## Your instructions
Output the entries below exactly as written, omitting pictures.

Stored items from a collection
= = = = =

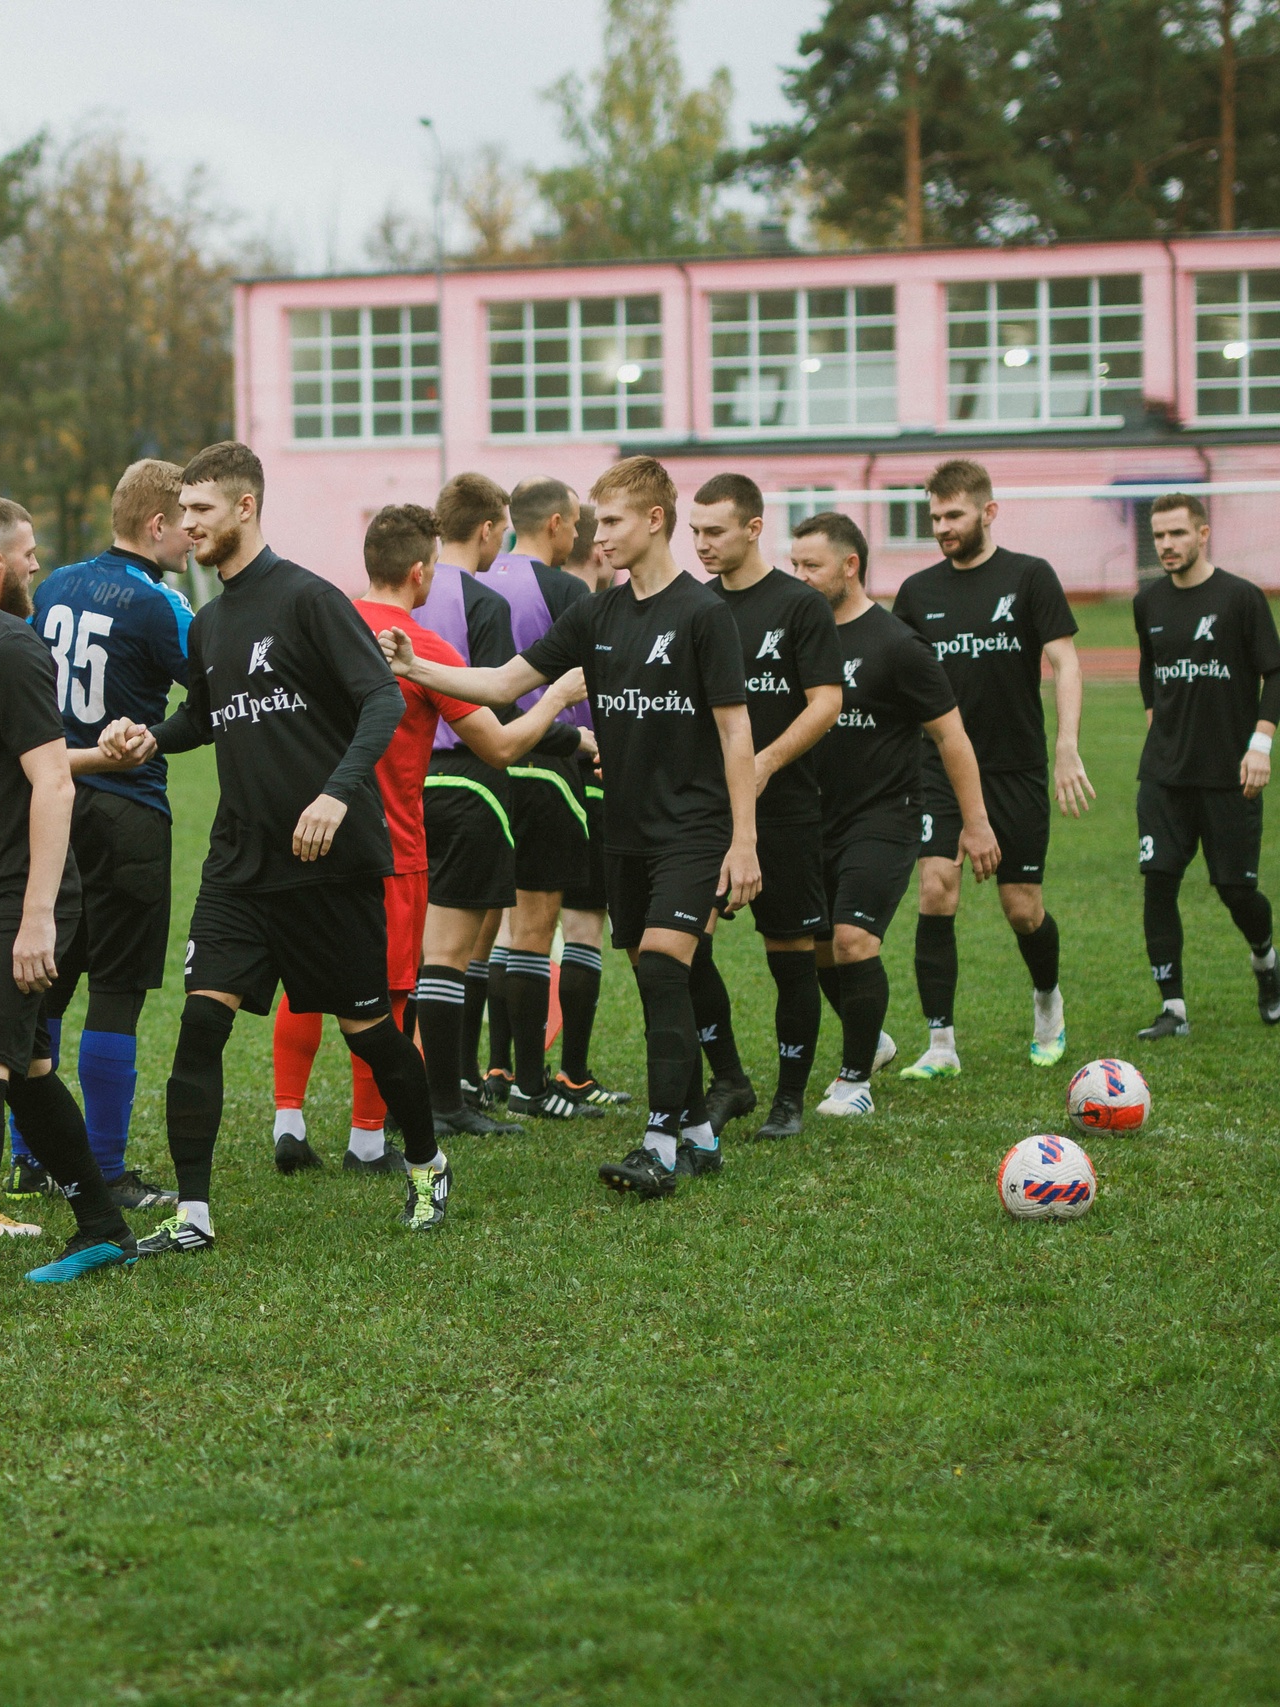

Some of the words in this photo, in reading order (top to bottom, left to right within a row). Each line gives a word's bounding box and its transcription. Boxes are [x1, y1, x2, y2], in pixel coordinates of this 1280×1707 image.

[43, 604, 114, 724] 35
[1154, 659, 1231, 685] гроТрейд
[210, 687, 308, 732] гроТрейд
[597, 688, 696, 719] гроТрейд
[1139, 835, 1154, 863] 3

= = = = =

## Answer section
Some of the words in this photo, in reading order (top to bottom, left to right within a row). Each line gives a word's bounding box and its transcription. Boxes are [x1, y1, x2, y2], in pixel coordinates of this 1280×1707 image.

[43, 604, 114, 724] 35
[1154, 659, 1231, 685] гроТрейд
[210, 687, 308, 732] гроТрейд
[597, 688, 696, 719] гроТрейд
[1139, 835, 1154, 863] 3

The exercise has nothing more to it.